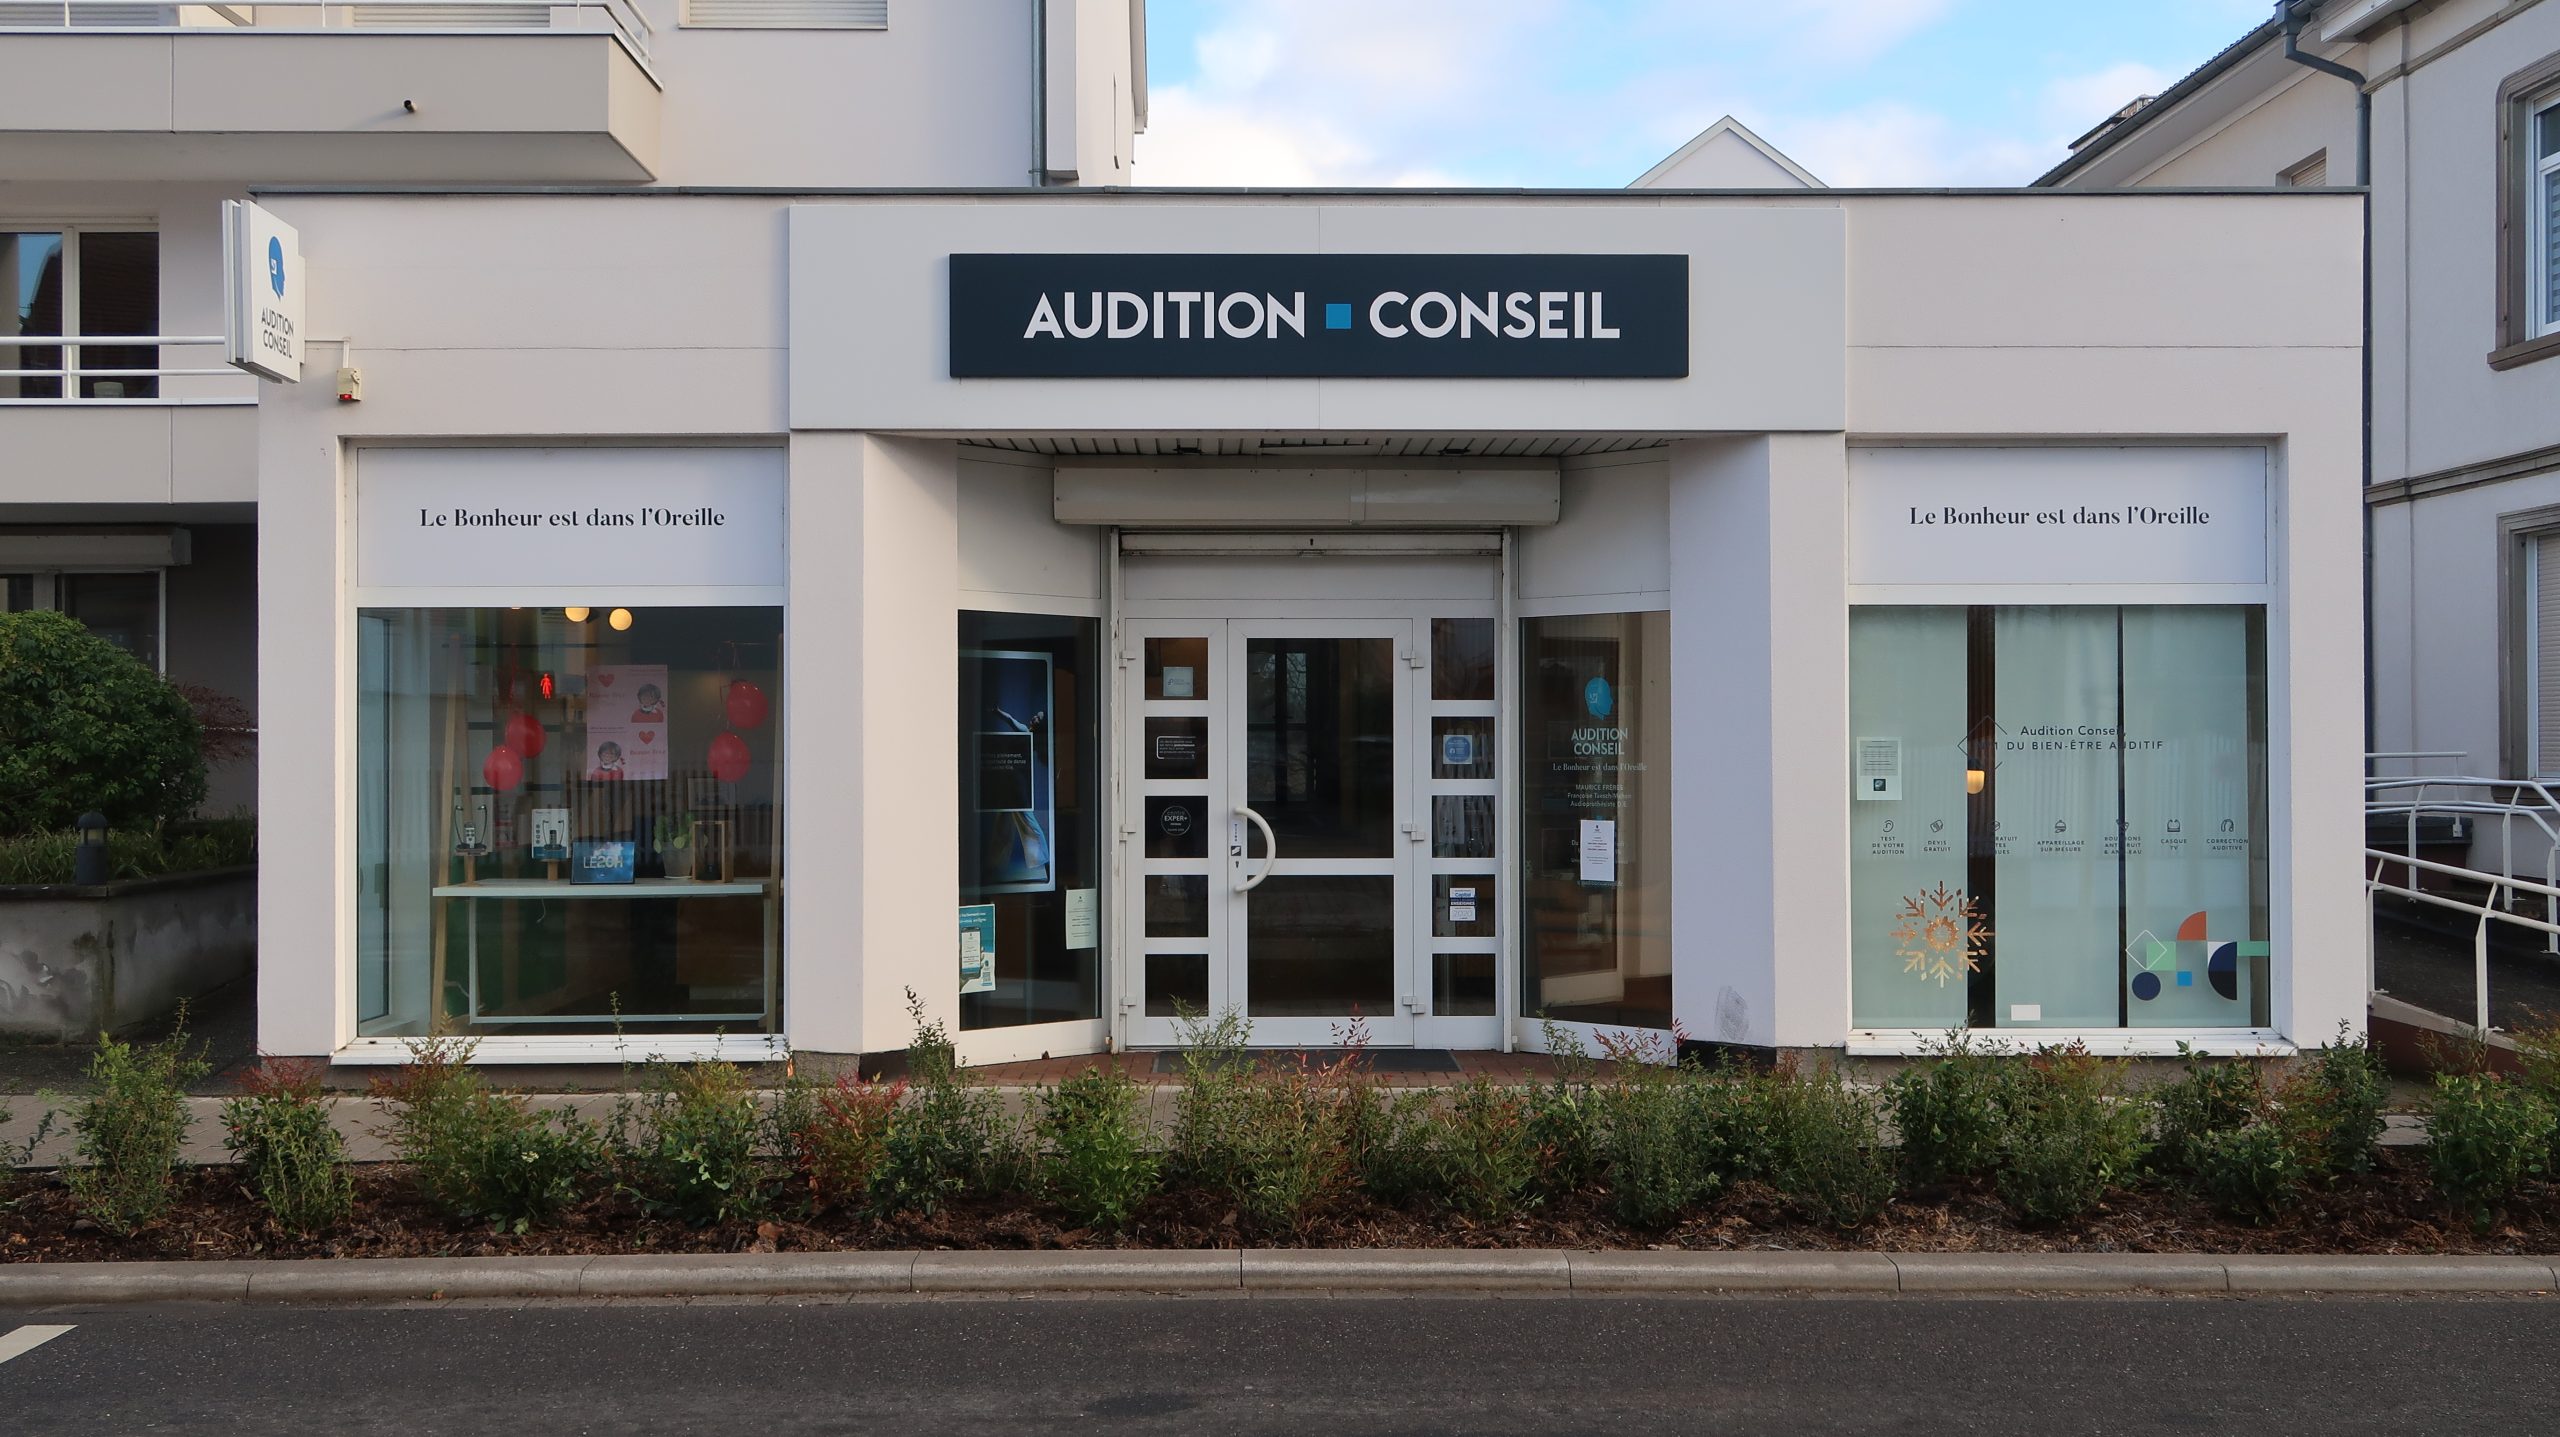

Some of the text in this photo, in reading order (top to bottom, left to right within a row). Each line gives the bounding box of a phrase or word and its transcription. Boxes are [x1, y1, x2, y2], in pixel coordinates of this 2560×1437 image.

[261, 307, 294, 337] AUDITION
[1023, 290, 1620, 340] AUDITION CONSEIL
[263, 329, 292, 359] CONSEIL
[420, 507, 725, 527] Le Bonheur est dans l'Oreille
[1910, 506, 2210, 525] Le Bonheur est dans l'Oreille
[1571, 727, 1629, 741] AUDITION
[2020, 725, 2074, 736] Audition
[1573, 742, 1625, 755] CONSEIL
[2007, 741, 2025, 750] DU
[1552, 763, 1561, 771] Le
[1563, 762, 1590, 771] Bonheur

• • • •

### AIM OF THE TASK
Give the entries back verbatim and omit the images.

### FINAL ANSWER
Some of the text in this photo, in reading order (top to bottom, left to right within a row). Each line gives the bounding box of a phrase or word and its transcription. Boxes are [x1, y1, x2, y2], in pixel coordinates of this 2560×1437 image.

[261, 307, 294, 337] AUDITION
[1023, 290, 1620, 340] AUDITION CONSEIL
[263, 329, 292, 359] CONSEIL
[420, 507, 725, 527] Le Bonheur est dans l'Oreille
[1910, 506, 2210, 525] Le Bonheur est dans l'Oreille
[1571, 727, 1629, 741] AUDITION
[2020, 725, 2074, 736] Audition
[1573, 742, 1625, 755] CONSEIL
[2007, 741, 2025, 750] DU
[1552, 763, 1561, 771] Le
[1563, 762, 1590, 771] Bonheur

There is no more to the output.